Getting To Know Groucho
‘Groucho & Cavett’ is culled from the comedian’s appearances on the programs Dick Cavett hosted during the late 1960s and early ’70s.
Historical memory being what it is in this time of perpetual distraction, it’s likely the average consumer of pop culture is unaware of how deeply it has been influenced by one Julius Henry Marx. Even the mention of his stage name, “Groucho,” won’t, I fear, occasion much in the way of recognition among those under age 50.
Yet it’s difficult to imagine 20th- and, yes, 21st-century entertainment without him. Between the iconoclastic comedies he made with his brothers and his time as host of “You Bet Your Life,” Groucho Marx had a profound impact on the creative imagination. Ask the Beatles. Ask Larry David. Ask the recently departed Queen Elizabeth, who saw fit to quote Groucho on the celebration of her 80th birthday: “Anyone can get old — all you have to do is live long enough.”
Perhaps an aspect of immortality is that one’s efforts are so thoroughly absorbed into the body politic that they’re taken for granted.
“Groucho & Cavett,” the most recent addition to the PBS series “American Masters,” isn’t the best means by which to convert the benighted. Amongst Marx fanatics, a going theory is that the Brothers — that would be Groucho, Chico, Harpo, and, early on, Zeppo — were already past their prime when Hollywood took notice. The Marxes achieved their initial fame as stage performers in vaudeville and on Broadway, forums more conducive to wild flights of improvisation than film.

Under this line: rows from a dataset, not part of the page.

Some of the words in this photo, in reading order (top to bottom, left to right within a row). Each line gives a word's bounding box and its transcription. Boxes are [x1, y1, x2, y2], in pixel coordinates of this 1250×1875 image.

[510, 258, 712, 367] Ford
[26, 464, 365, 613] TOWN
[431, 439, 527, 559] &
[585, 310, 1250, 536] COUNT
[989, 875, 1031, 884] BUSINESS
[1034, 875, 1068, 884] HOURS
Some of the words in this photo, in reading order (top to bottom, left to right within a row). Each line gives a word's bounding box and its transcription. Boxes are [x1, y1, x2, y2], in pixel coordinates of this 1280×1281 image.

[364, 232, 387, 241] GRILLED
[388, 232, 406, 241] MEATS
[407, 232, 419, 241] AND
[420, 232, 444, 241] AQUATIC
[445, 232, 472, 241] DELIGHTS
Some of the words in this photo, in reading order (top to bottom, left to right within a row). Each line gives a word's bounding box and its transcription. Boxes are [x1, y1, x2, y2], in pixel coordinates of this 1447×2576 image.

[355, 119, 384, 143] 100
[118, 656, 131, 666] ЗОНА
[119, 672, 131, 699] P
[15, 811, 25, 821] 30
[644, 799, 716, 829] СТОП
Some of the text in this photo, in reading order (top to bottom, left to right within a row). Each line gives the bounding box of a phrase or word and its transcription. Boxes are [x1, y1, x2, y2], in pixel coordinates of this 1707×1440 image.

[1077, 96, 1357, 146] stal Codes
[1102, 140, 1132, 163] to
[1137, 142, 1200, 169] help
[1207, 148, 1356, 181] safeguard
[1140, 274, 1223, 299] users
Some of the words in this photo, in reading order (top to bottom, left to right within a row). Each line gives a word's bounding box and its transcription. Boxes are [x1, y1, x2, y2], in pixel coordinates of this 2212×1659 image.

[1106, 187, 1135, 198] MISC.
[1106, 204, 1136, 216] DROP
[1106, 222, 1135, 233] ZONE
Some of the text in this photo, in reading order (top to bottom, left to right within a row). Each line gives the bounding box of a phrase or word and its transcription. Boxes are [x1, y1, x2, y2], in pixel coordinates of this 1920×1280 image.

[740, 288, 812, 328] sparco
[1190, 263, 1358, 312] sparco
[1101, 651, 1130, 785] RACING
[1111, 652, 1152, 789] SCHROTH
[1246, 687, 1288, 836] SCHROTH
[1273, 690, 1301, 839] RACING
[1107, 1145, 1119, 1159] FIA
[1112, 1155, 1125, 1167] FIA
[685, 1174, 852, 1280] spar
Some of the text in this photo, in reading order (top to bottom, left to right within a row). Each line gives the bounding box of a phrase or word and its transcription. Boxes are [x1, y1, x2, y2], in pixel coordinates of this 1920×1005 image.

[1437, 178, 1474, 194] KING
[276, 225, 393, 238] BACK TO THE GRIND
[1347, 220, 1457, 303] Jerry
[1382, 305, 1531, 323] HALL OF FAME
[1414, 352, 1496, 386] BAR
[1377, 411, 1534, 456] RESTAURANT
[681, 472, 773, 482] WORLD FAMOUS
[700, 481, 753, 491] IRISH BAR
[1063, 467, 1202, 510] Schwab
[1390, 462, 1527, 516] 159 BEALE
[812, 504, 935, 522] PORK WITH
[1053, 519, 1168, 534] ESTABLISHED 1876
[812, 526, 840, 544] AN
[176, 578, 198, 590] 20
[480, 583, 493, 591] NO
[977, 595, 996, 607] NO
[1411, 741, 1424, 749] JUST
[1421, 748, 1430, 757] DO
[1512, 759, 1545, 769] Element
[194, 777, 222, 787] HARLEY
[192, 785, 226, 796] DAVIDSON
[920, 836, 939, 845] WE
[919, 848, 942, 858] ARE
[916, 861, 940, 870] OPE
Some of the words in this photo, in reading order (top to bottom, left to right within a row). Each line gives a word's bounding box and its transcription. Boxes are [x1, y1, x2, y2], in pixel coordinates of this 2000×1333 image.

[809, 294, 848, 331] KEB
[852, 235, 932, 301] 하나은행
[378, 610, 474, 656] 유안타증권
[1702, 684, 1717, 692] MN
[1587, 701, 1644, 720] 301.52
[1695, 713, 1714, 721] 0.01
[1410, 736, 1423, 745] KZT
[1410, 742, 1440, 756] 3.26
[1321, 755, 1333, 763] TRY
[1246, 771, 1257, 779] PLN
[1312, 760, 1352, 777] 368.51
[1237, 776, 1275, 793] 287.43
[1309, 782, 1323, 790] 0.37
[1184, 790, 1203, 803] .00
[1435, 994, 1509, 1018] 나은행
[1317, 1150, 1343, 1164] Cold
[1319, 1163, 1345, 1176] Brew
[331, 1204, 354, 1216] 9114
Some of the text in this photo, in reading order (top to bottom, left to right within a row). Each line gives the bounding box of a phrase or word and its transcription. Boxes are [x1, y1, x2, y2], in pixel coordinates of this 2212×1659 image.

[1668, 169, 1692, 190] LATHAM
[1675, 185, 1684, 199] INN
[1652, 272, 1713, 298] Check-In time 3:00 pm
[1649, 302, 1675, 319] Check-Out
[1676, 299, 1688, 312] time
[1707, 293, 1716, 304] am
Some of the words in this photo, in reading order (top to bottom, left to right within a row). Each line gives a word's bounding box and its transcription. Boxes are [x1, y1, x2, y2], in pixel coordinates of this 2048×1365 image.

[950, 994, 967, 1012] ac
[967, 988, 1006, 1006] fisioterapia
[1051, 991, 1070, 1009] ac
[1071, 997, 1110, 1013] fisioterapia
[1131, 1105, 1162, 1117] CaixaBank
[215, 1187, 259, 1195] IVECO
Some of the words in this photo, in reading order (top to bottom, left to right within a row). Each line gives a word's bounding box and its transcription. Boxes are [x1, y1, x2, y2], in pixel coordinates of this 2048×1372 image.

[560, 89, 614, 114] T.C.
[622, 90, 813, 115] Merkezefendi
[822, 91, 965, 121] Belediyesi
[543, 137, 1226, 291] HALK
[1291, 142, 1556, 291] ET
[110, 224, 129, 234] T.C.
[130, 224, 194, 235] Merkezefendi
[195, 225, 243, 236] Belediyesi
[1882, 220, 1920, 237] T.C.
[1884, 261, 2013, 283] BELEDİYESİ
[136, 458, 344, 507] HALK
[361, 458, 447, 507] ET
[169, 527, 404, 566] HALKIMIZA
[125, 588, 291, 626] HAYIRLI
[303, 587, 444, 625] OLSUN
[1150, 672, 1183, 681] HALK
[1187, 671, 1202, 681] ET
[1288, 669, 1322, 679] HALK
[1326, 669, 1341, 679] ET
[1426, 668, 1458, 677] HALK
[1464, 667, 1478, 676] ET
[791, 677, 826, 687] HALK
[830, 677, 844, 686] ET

Time travel being what it is, no one will be booking a seat for the 1924 run of “I’ll Say She Is” anytime soon. The movies persist, though, with “Monkey Business,” “Horsefeathers,” and the supernal “Duck Soup” offering the most unadulterated access to the Brothers’ freewheeling absurdism. A hint of that flair is extant in “Groucho & Cavett” when we see a clip of the elderly Groucho purposefully stray off his stage marks to engage with the camera crew and members of the audience. The rules of TV talk shows were made to be flouted.
“Groucho & Cavett” is culled from the comedian’s appearances on the programs Dick Cavett hosted during the late 1960s and early ’70s. Mr. Cavett had been bumping around as a comedy writer since 1961, working as a staff writer on “The Tonight Show” and providing material for Jack Paar, Johnny Carson, and Groucho Marx, who served as guest host. Groucho took a shine to the young comic. It didn’t hurt that Mr. Cavett worshiped the ground upon which Groucho trampled.
The documentary features Mr. Cavett, still incisive at age 86, speaking to the trajectory of his career in comparison to that of Groucho’s: Mr. Cavett’s was on the ascendant, while Groucho’s was coming to a close. Marx suffered from ill health toward the end of his life — he died in 1977 — and his faculties suffered as a result. Still, Groucho was in fine fettle on the earlier episodes of “The Dick Cavett Show,” warbling “Lydia The Tattooed Lady,” talking smack about Richard Nixon and Lyndon Johnson, sparring with Truman Capote, and, as expected, trading in an abundance of quips.
The most moving segments of the documentary are when the comedian engages in rare moments of sincere self-reflection, from acknowledging the travails of aging (“I don’t belong in this world. I’m an incongruity.”) to the evident pride taken in having his letters acquired by the Library of Congress. At one point, Marx, who never completed elementary school, calls himself a “self-made man, a sad description of a man.” It’s a measure of his friendship with Mr. Cavett that someone who was among the most gifted and, in many ways, most guarded manipulators of the English language could admit to his vulnerabilities in a public forum.
“Groucho & Cavett” is a welcome addition to the Marxist canon. If the documentary isn’t quite as essential as the political fortunes of Freedonia, then it’s infinitely preferable to “Das Kapital.”